3. Fees; Delegation; Expenses
(a) In consideration of the services rendered pursuant to this Agreement,
the Trust will pay the Administrator a fee, computed daily and payable monthly,
plus out-of-pocket expenses, each as provided in Schedule B hereto. The Trust
shall also pay the Administrator for organizational start-up services provided
on behalf of the Funds as specified in Schedule B.

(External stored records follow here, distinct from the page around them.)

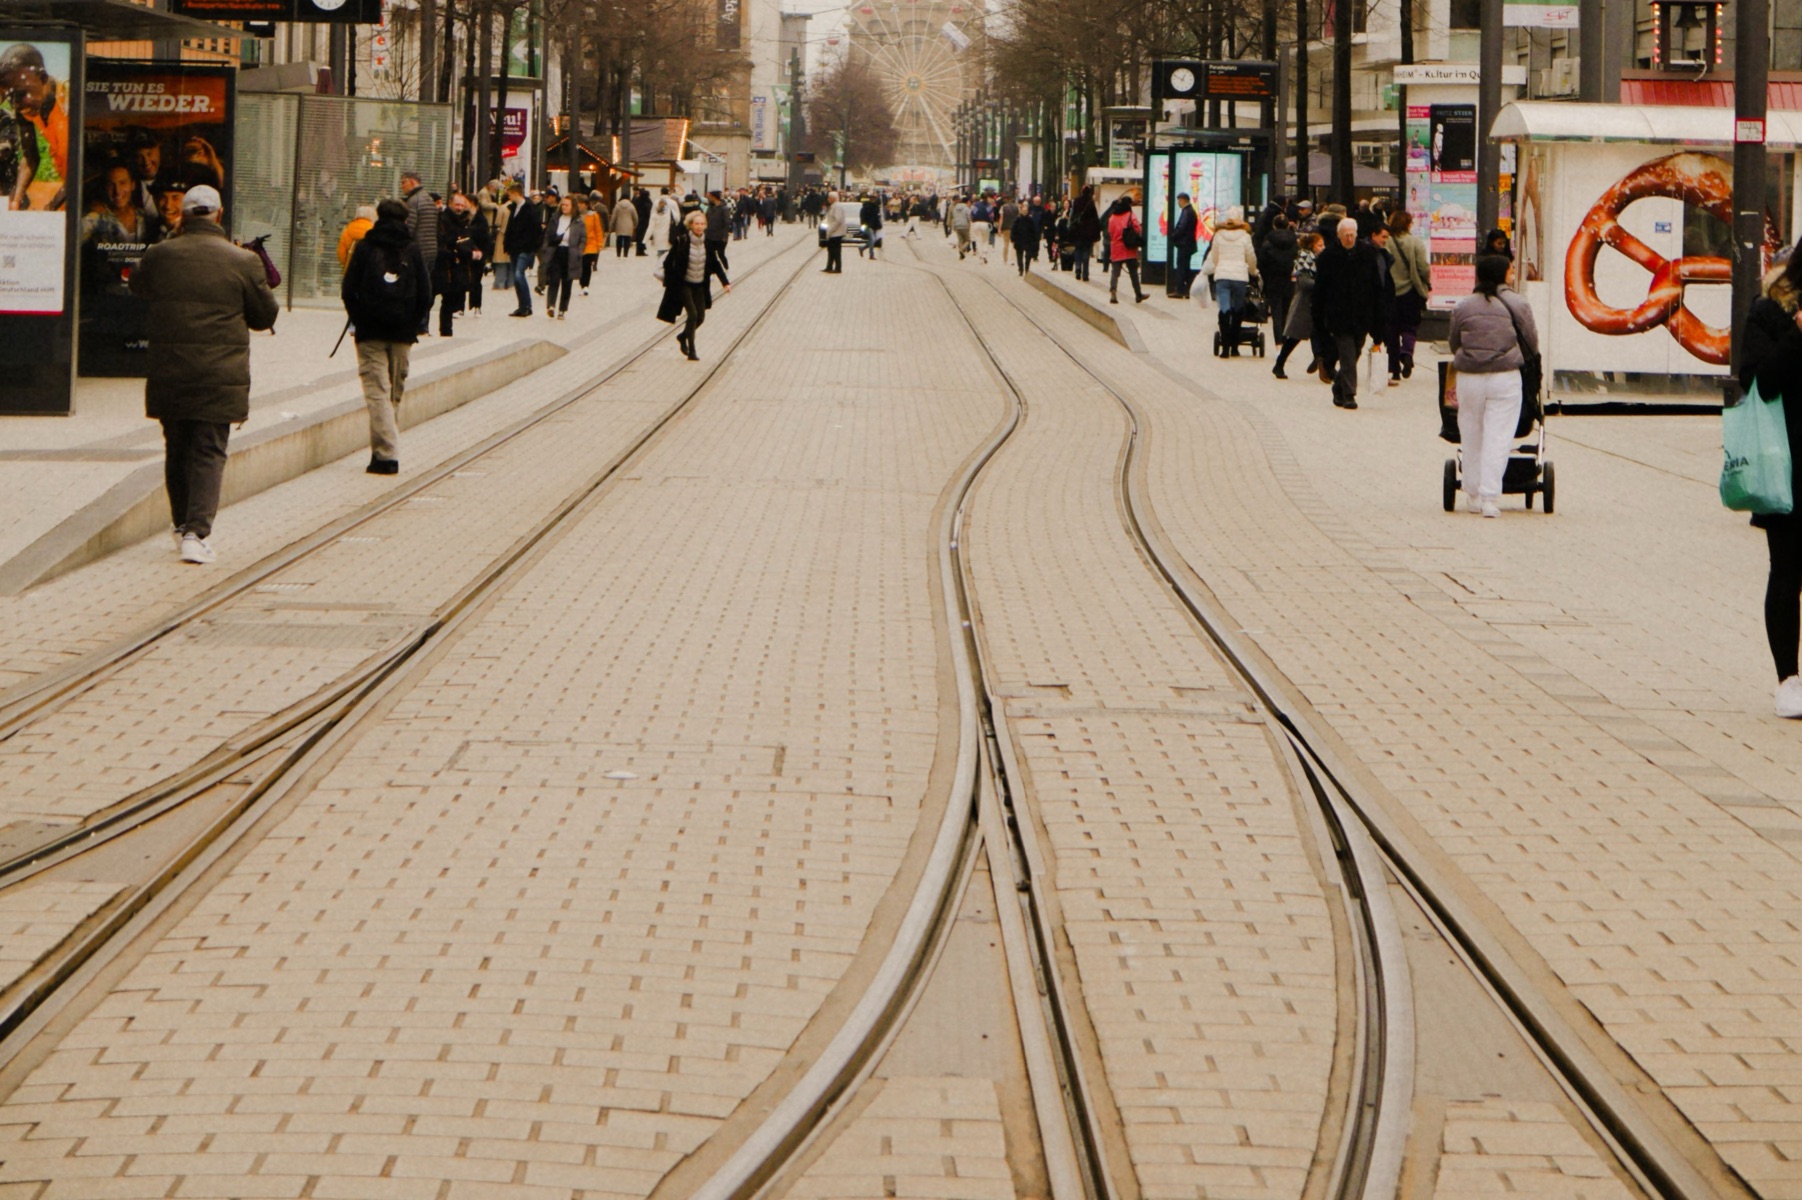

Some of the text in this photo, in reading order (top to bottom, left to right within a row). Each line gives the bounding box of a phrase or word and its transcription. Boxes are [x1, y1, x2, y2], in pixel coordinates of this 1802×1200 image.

[1425, 70, 1452, 79] Kultur
[1455, 70, 1467, 78] im
[86, 82, 165, 93] SIE TUN ES
[107, 94, 215, 113] WIEDER.
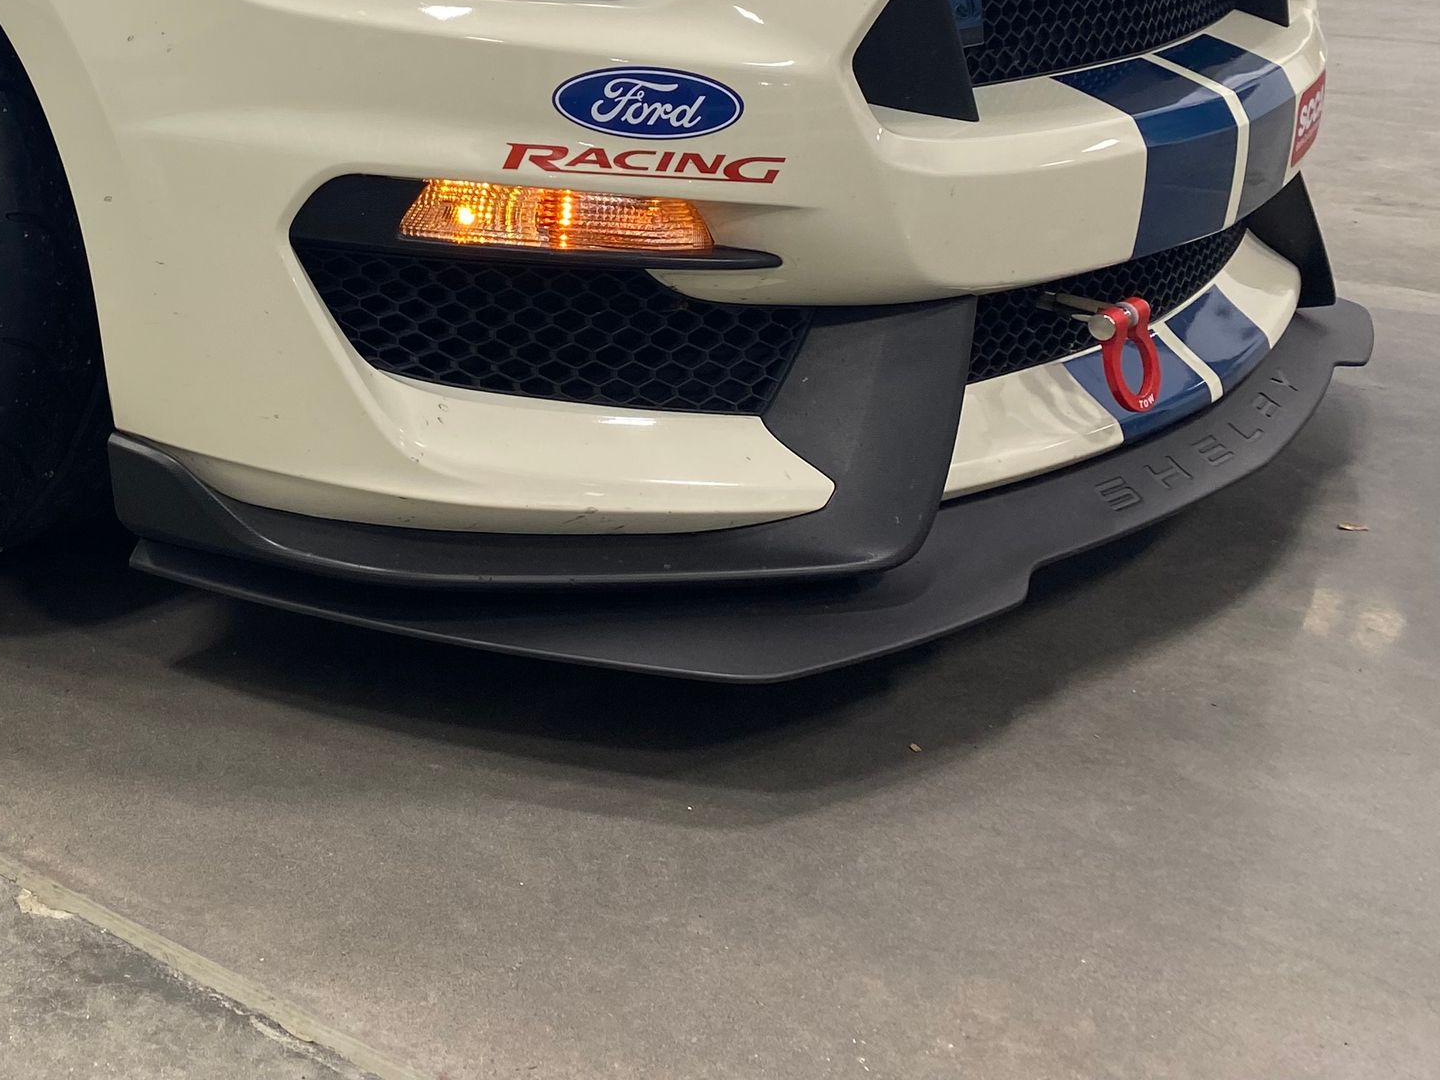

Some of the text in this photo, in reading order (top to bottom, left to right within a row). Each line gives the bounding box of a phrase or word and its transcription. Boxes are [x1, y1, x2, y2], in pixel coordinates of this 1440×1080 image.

[590, 77, 707, 129] Ford
[502, 142, 787, 184] RACING
[1138, 393, 1156, 409] TOW

(b) For the purpose of determining fees payable to the Administrator, net
asset value shall be computed in accordance with the Trust's Prospectuses and
resolutions of the Trust's Board of Trustees. The fee for the period from the
day of the month this Agreement is entered into until the end of that month
shall be pro-rated according to the proportion which such period bears to the
full monthly period. Upon any termination of this Agreement before the end of
any month, the fee for such part of a month shall be pro-rated according to the
proportion which such period bears to the full monthly period and shall be
payable upon the date of termination of this Agreement. Should the Trust be
liquidated, merged with or acquired by another fund or investment company, any
accrued fees shall be immediately payable. Such fee as is attributable to each
Fund shall be a separate charge to each Fund and shall be the several (and not
joint or joint and several) obligation of each such Fund.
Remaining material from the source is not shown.